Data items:
=== Begin Enclosure ===

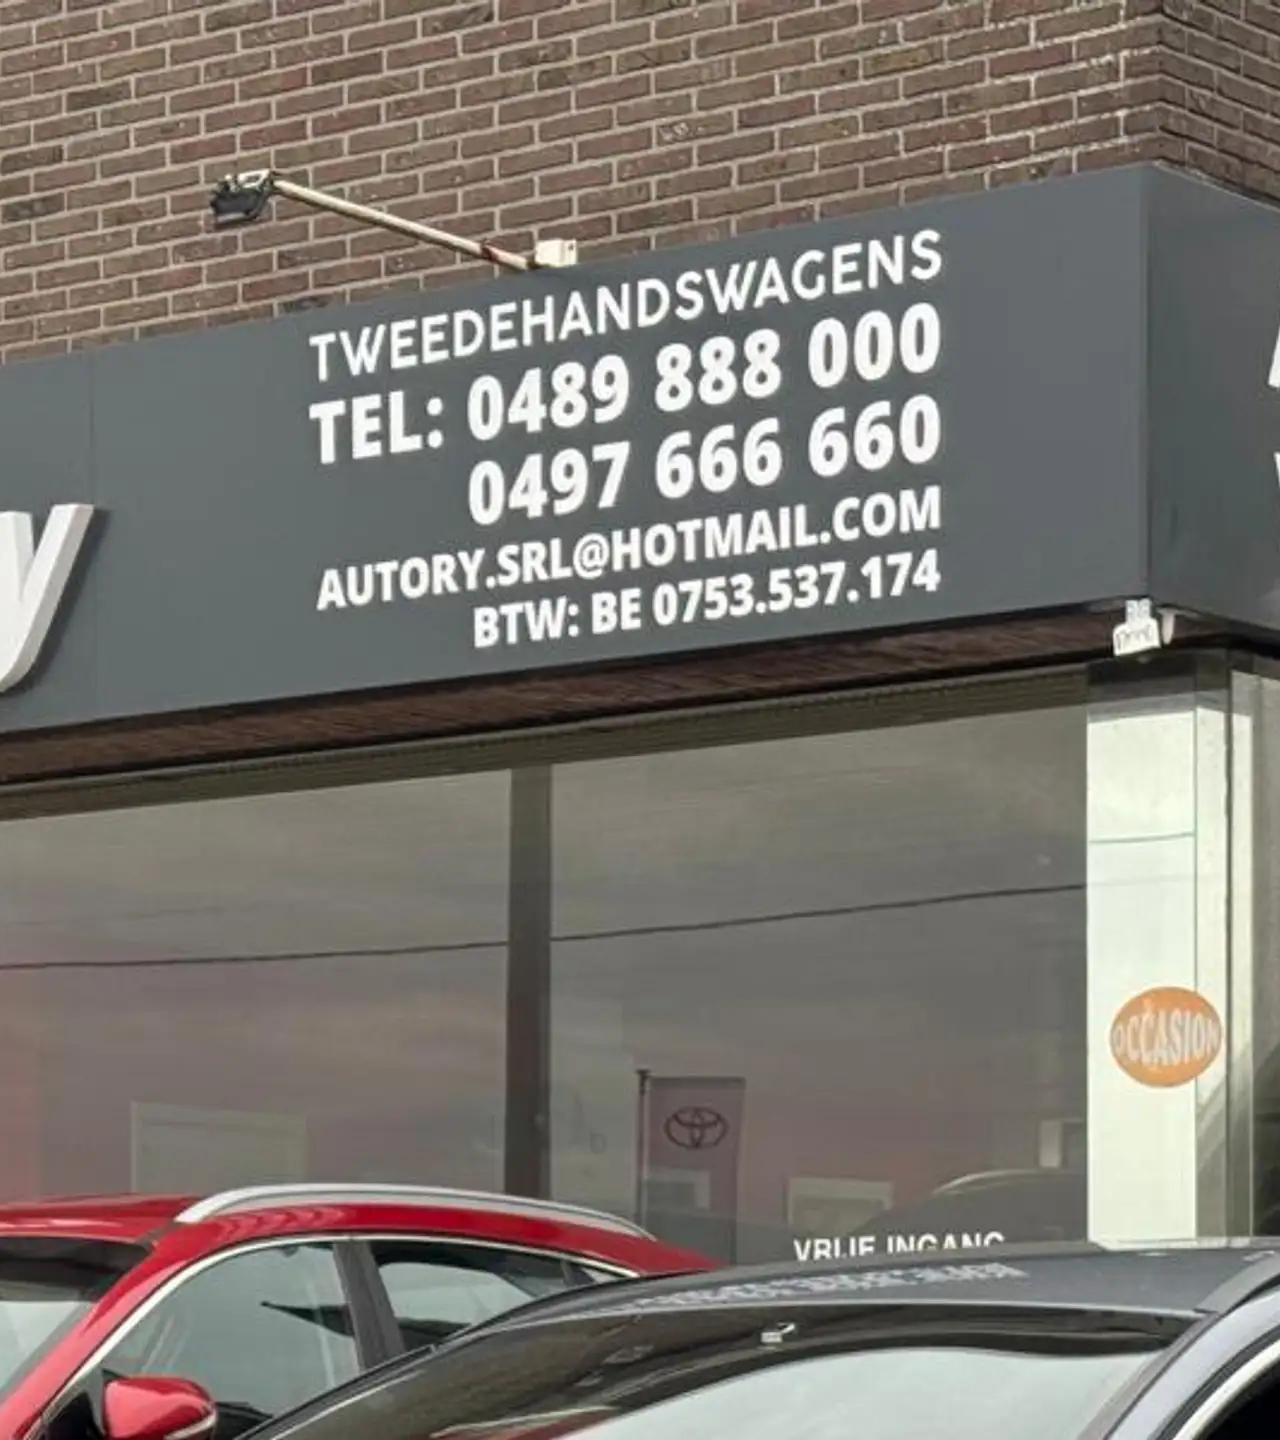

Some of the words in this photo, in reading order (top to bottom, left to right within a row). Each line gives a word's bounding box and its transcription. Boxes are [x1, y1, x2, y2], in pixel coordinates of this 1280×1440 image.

[309, 229, 942, 382] TWEEDEHANDSWAGENS
[309, 391, 443, 464] TEL:
[467, 356, 630, 441] 0489
[655, 328, 781, 412] 888
[809, 302, 941, 387] 000
[468, 441, 630, 525] 0497
[655, 418, 782, 499] 666
[809, 394, 941, 477] 660
[317, 485, 941, 610] AUTORY.SRL@HOTMAIL.COM
[474, 601, 579, 649] BTW:
[592, 588, 640, 634] BE
[654, 549, 940, 626] 0753.537.174
[1112, 1006, 1221, 1067] OCCASION

=== End Enclosure ===

▸ **Task details**
Pictures are to be left out when the entries above are repeated exactly.

▸ **Written response**
Some of the words in this photo, in reading order (top to bottom, left to right within a row). Each line gives a word's bounding box and its transcription. Boxes are [x1, y1, x2, y2], in pixel coordinates of this 1280×1440 image.

[309, 229, 942, 382] TWEEDEHANDSWAGENS
[309, 391, 443, 464] TEL:
[467, 356, 630, 441] 0489
[655, 328, 781, 412] 888
[809, 302, 941, 387] 000
[468, 441, 630, 525] 0497
[655, 418, 782, 499] 666
[809, 394, 941, 477] 660
[317, 485, 941, 610] AUTORY.SRL@HOTMAIL.COM
[474, 601, 579, 649] BTW:
[592, 588, 640, 634] BE
[654, 549, 940, 626] 0753.537.174
[1112, 1006, 1221, 1067] OCCASION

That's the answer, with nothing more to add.